Refractory black carbon (rBC) was analyzed in two ice cores from the Lomonosovfonna ice field, Svalbard, spanning 1222–2011. Long-term trends were discussed and compared to other ice core records and climate proxies in order to assess the representativeness of the rBC signal archived in the LF ice core in terms of anthropogenic and biomass burning inputs. Our results show that a clear anthropogenic imprint is present since the beginning of the Industrial Revolution, thus hindering the identification of natural biomass burning trends in the most recent 2 centuries. Concentrations of rBC we attributed to predominantly industrial emissions show two maxima, at the end of the 19th century and in the middle of the 20th century. This profile differs from those observed in Greenland ice cores and we suggest that Eurasian emissions account for most of the rBC deposition in the LF ice core in contrast to Greenland where North American emission sources appear more important. Contrary to the Holtedahlfonna EC record, LF rBC concentrations decreased in the last 40 years, in agreement with atmospheric measurements throughout the Arctic. However, during the warm climate regime over most of the 20th century, parts of the record experienced high levels of melting, which potentially disturbed the preservation of the rBC signal due to percolation and runoff. We thus advocate for a careful interpretation of the trends, especially for the time period with low concentrations between 1910 and 1940, which could be an artefact resulting from the early 20th century Arctic warming.
Before the 19th century, as both the melting and the anthropogenic influence are shown to be low, the LF rBC record can be used to reconstruct past biomass burning trends.
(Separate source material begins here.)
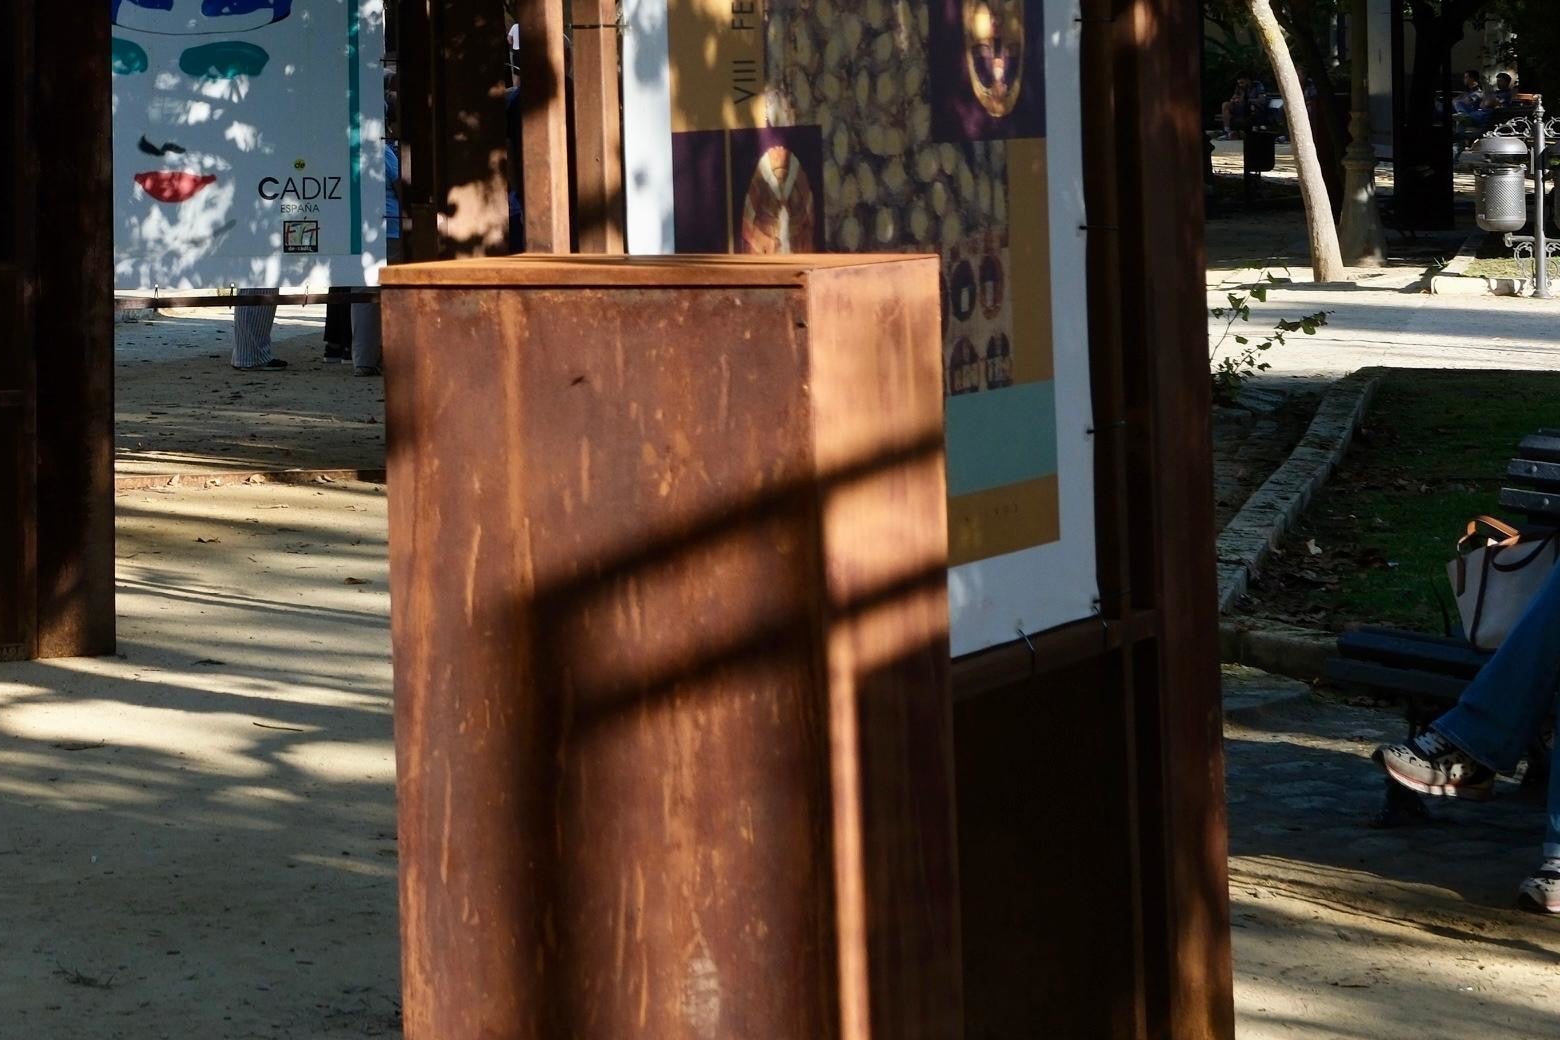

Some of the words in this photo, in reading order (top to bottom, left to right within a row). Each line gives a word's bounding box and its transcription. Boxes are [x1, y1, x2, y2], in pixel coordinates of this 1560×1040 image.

No obvious long-term variability is evident in both the rBC and ammonium records. Formate, VA, and p-HBA records, however, exhibit a more pronounced decadal-to-centennial-scale variability with a decreasing long-term trend throughout the Little Ice Age interrupted by several multi-decadal periods of enhanced biomass burning activity, the most remarkable one occurring in the 17th century. Those periods, as well as some single peak events such as the one around 1790, coincide in time with other reconstructed periods of increased fire activity from ice cores in Siberia and Greenland. We suggest that the paleofire record from the LF ice core primarily reflects biomass burning episodes from northern Eurasia, induced by decadal-scale summer temperature increases. Our study highlights the need of a multi-proxy reconstruction in order to efficiently capture past changes in biomass burning as each proxy possesses its own behavior and sensitivity towards emission, transport, degradation in the atmosphere, deposition, and post-depositional processes. Such reconstructions are of prime importance to gain a better understanding of the complex linkages among fires, climate, and human activities as future biomass burning trends under a warmer climate remain largely unknown.
The rBC data are available at the US National Oceanic and Atmospheric Administration (NOAA) data center for paleoclimate (ice core sites) at the following address: http://www.ncdc.noaa.gov/data-access/paleoclimatology-data/datasets/ice-core (last access: 17 August 2018).
DO performed SP2 measurements, analyzed the data, and wrote the paper. IAW cut the LF-09 ice core, performed the dating, and designed the analytical method. LS optimized the method and performed SP2 analyses. MiS helped with the data interpretation. CPV processed and dated the LF-11 ice core. EI organized the field campaigns in Svalbard. MaS designed and led the project, organized and conducted ice core drilling, and led the paper writing.
The authors declare that they have no conflict of interest.
This study was supported by the Swiss National Science Foundation through the
Sinergia project “Paleo fires from high-alpine ice cores”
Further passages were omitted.